─── DATASET RECORDS

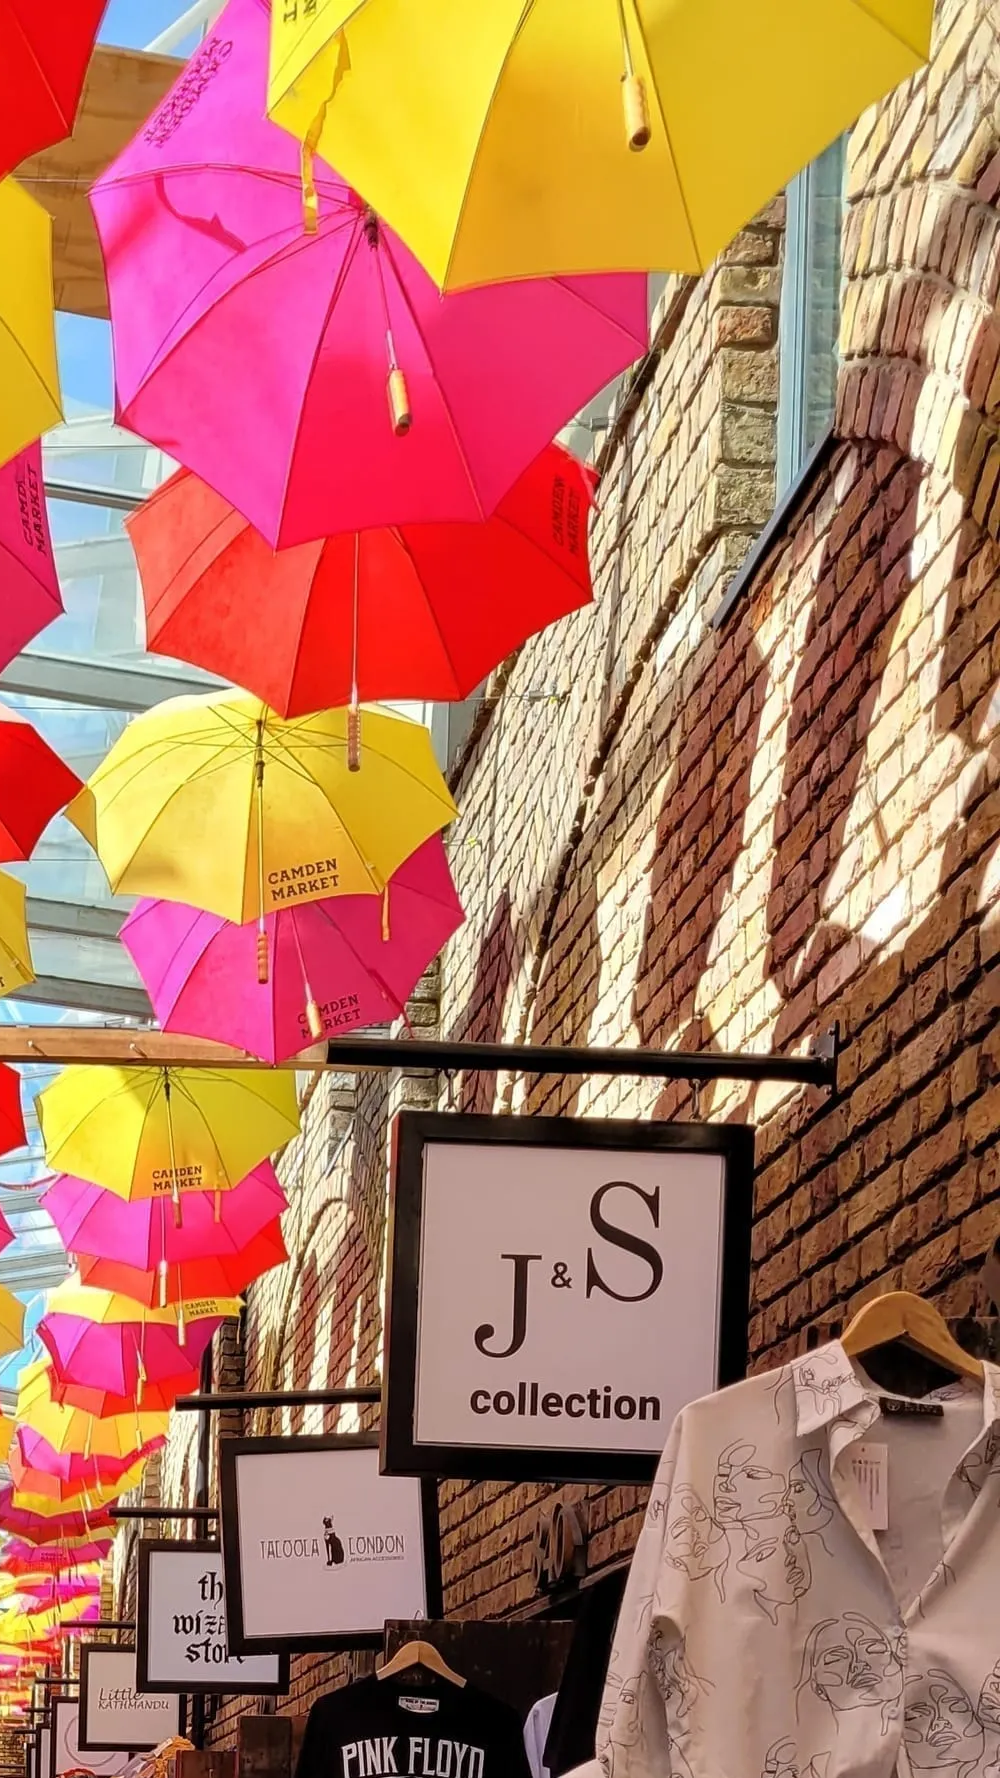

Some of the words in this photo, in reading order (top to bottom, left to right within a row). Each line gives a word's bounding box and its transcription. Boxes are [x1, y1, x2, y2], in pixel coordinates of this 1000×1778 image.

[16, 480, 34, 546] CAMD
[28, 463, 48, 556] MARKET
[268, 858, 338, 885] CAMDEN
[271, 874, 340, 901] MARKET
[297, 994, 360, 1025] CMDEN
[301, 1008, 362, 1040] MRKET
[152, 1165, 203, 1180] CAMDEN
[470, 1383, 661, 1421] collection
[260, 1539, 320, 1559] TALOOLA
[348, 1535, 404, 1555] LONDON
[198, 1571, 224, 1610] th
[98, 1700, 170, 1710] KATHMANDU
[99, 1687, 144, 1701] Little
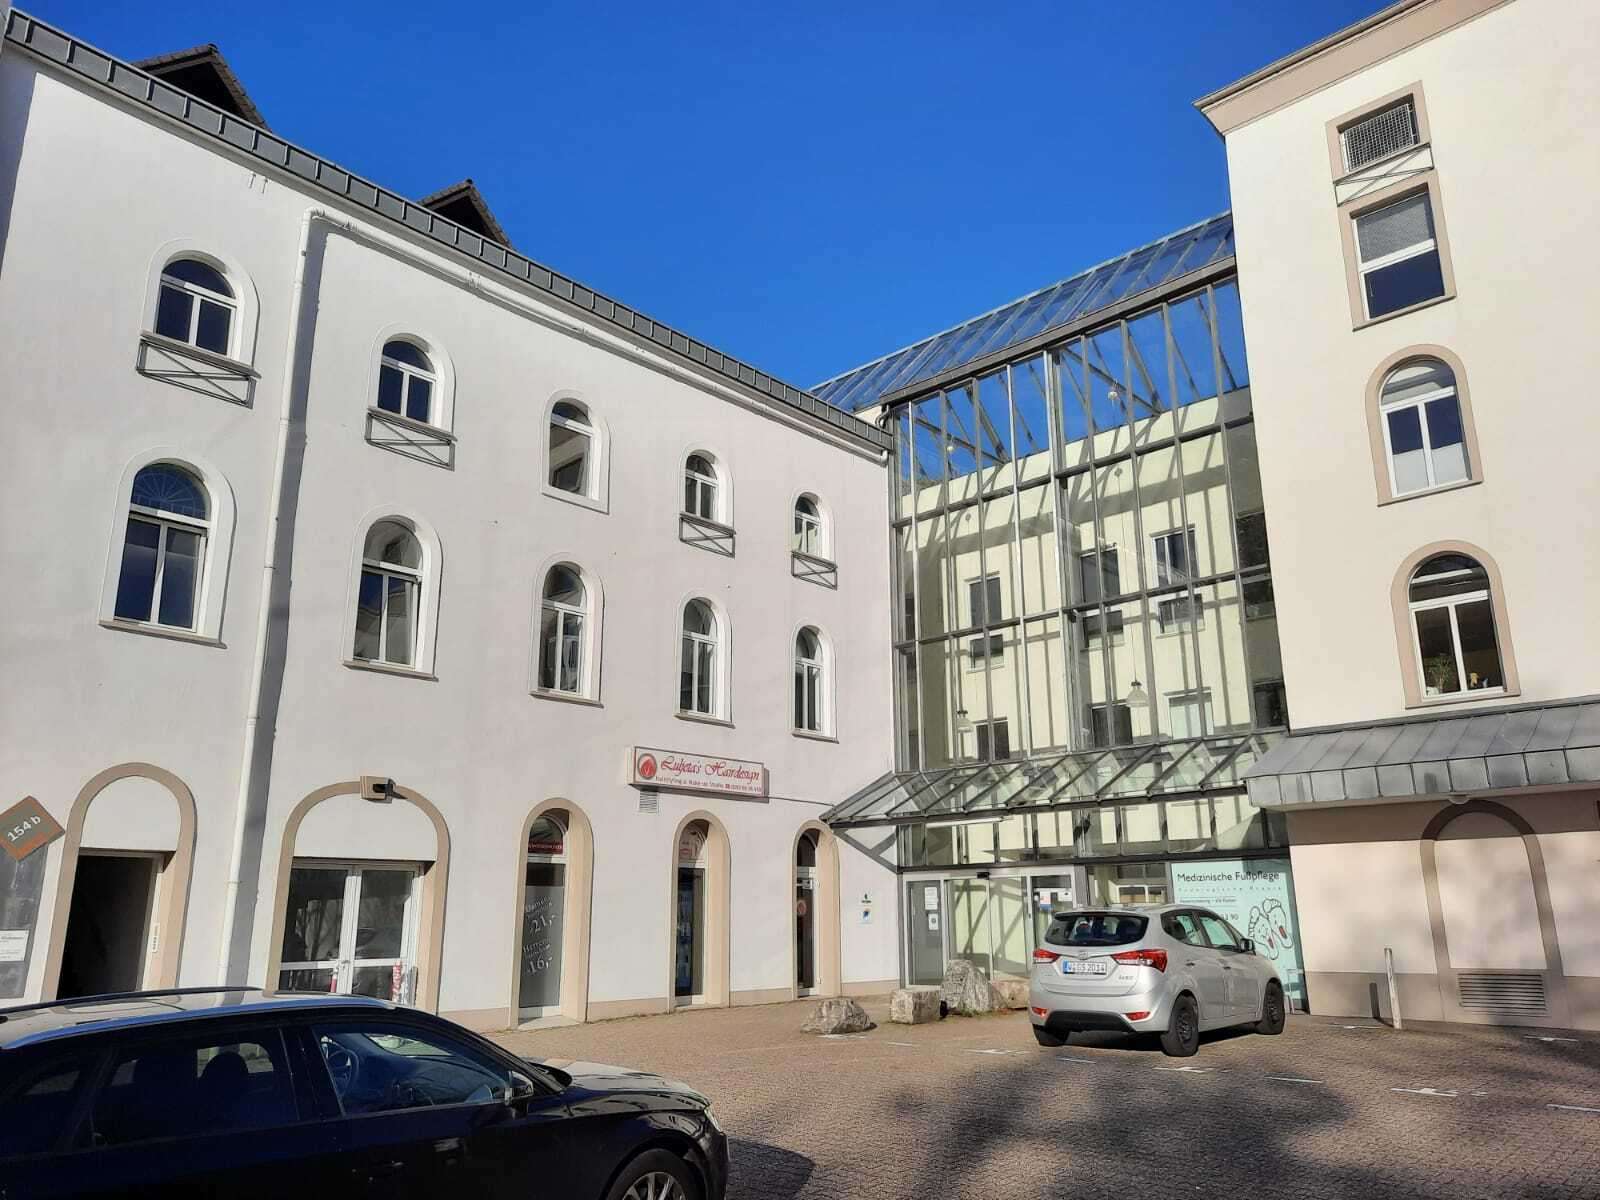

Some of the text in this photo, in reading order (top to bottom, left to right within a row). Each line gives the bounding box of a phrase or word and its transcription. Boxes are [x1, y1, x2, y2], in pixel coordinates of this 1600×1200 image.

[704, 761, 760, 784] Hairdesign
[7, 815, 41, 841] 154 b
[1177, 871, 1280, 883] Medizinische Fußpflege

──────

- TO DO
Repeat word for word the lines running from the line containing "Some of the text" to the end of the entries above, inclusive.

- TASK RESPONSE
Some of the text in this photo, in reading order (top to bottom, left to right within a row). Each line gives the bounding box of a phrase or word and its transcription. Boxes are [x1, y1, x2, y2], in pixel coordinates of this 1600×1200 image.

[704, 761, 760, 784] Hairdesign
[7, 815, 41, 841] 154 b
[1177, 871, 1280, 883] Medizinische Fußpflege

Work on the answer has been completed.